Rate measures are conceptually attractive when a study asks whether ageing-related change differs between groups or across time. However, a single blood sample remains a model-based estimate of a rate, not repeated observation of the underlying organ systems. Clocks can also serve as longitudinal outcomes, but the reliability of change scores is crucial because technical noise can be large relative to short-term biological change. [6] [7] [9]

Evidence Quality and Interpretation

Confidence is strong that state-oriented clocks and longitudinally trained pace measures differ in construction and intended interpretation. Their foundational studies specify distinct training targets and output scales. [2] [5] [7]

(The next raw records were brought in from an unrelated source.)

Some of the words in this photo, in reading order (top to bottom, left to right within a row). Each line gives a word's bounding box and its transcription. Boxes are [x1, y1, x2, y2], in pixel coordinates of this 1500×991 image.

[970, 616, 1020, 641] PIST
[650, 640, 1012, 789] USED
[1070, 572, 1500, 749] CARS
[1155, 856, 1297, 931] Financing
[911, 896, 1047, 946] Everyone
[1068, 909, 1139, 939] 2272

Confidence is moderate that these measures capture useful differences in health and ageing at the population level. Several measures associate with morbidity, mortality, or functional decline, but the strength and pattern of association vary by model and cohort. [3] [4] [7] [8]

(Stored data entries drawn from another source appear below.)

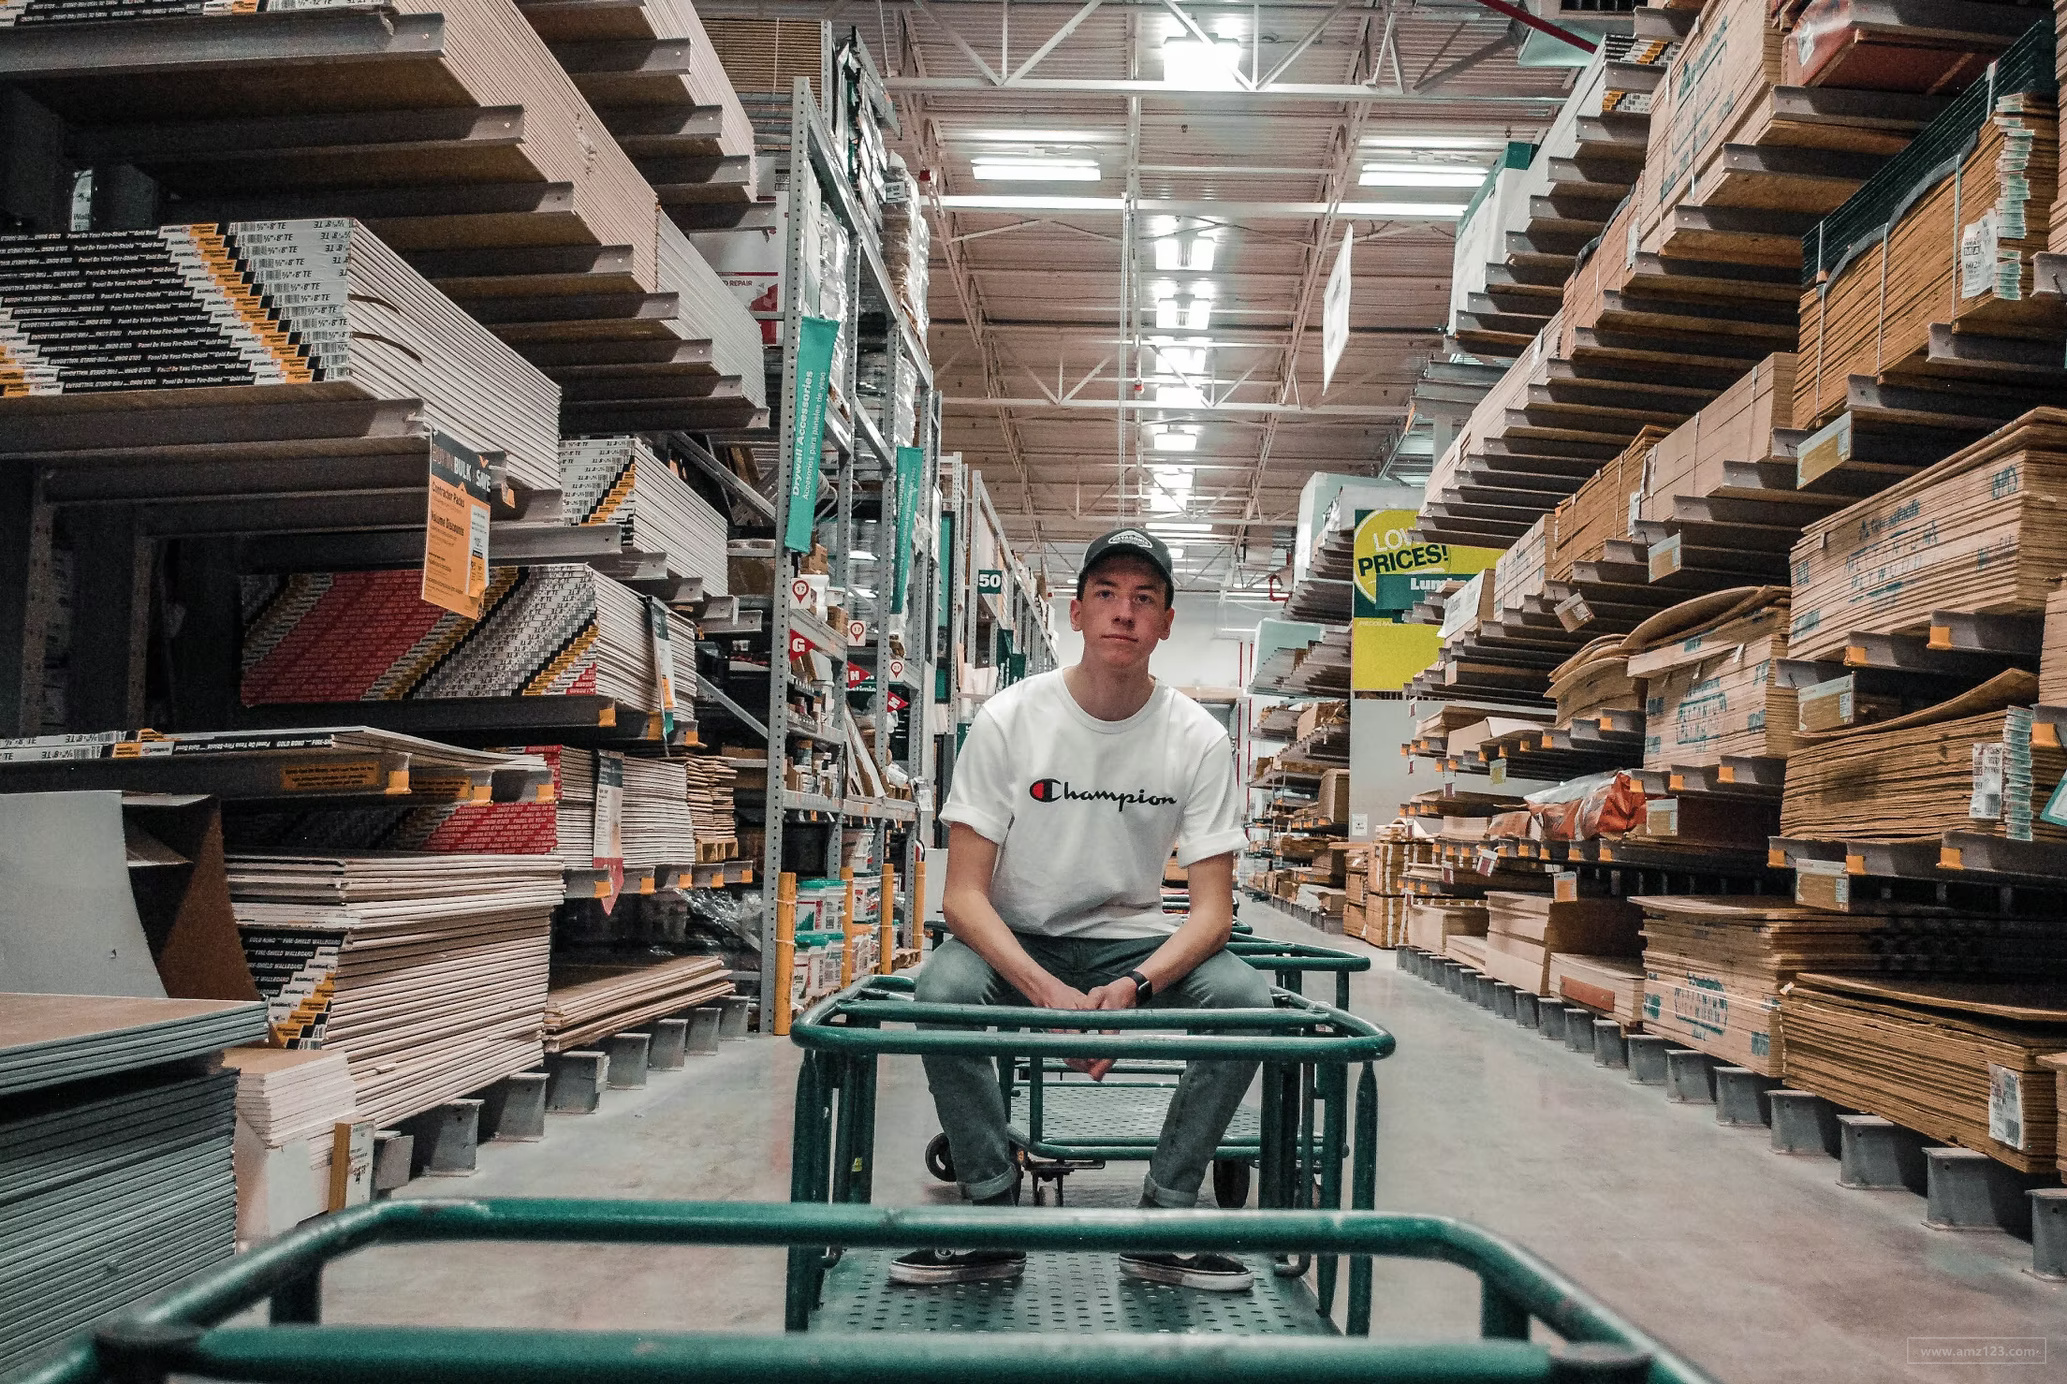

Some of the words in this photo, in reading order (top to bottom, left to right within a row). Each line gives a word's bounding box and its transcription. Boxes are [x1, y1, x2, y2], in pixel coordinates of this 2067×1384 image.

[797, 371, 813, 445] Accessories
[816, 393, 822, 402] de
[813, 405, 821, 435] paneles
[454, 456, 472, 482] BULK
[476, 469, 491, 493] SAVE
[793, 449, 802, 496] Drywall
[1358, 544, 1449, 577] PRICES!
[979, 574, 1001, 588] 50
[792, 638, 805, 653] G
[850, 670, 860, 681] H
[1029, 778, 1177, 812] Champion

Confidence is weaker for interpreting a small change in one individual as a verified change in their ageing rate. Repeatability, cell composition, batch effects, regression modelling, and the interval between samples all affect longitudinal interpretation. [9]

What This Does Not Mean

Practical Interpretation Examples

Summary

Biological age clocks mainly summarize accumulated age-related state or risk, while pace-of-ageing measures aim to summarize the rate of ongoing change. They can be complementary, but their outputs are not interchangeable. Interpretation should follow the model's training target, validation evidence, population, and technical reliability. [7] [8]

References

  1. Jylhava, J., et al. (2017). Biological age predictors. EBioMedicine. https://doi.org/10.1016/j.ebiom.2017.03.046
  2. Horvath, S. (2013). DNA methylation age of human tissues and cell types. Genome Biology. https://doi.org/10.1186/gb-2013-14-10-r115
  3. Levine, M. E., et al. (2018). An epigenetic biomarker of aging for lifespan and healthspan. Aging. https://doi.org/10.18632/aging.101414
  4. Lu, A. T., et al. (2019). DNA methylation GrimAge strongly predicts lifespan and healthspan. Aging. https://doi.org/10.18632/aging.101684
  5. Belsky, D. W., et al. (2015). Quantification of biological aging in young adults. Proceedings of the National Academy of Sciences. https://doi.org/10.1073/pnas.1506264112
  6. Belsky, D. W., et al. (2020). Quantification of the pace of biological aging in humans through a blood test, the DunedinPoAm DNA methylation algorithm. eLife. https://doi.org/10.7554/eLife.54870
  7. Belsky, D. W., et al. (2022). DunedinPACE, a DNA methylation biomarker of the pace of aging. eLife. https://doi.org/10.7554/eLife.73420
  8. Belsky, D. W., et al. (2018). Eleven telomere, epigenetic clock, and biomarker-composite quantifications of biological aging: Do they measure the same thing? American Journal of Epidemiology. https://doi.org/10.1093/aje/kwx346
  9. Higgins-Chen, A. T., et al. (2022). A computational solution for bolstering reliability of epigenetic clocks: implications for clinical trials and longitudinal tracking. Nature Aging. https://doi.org/10.1038/s43587-022-00248-2
Educational Disclaimer

This content is provided for educational purposes only and does not constitute medical advice.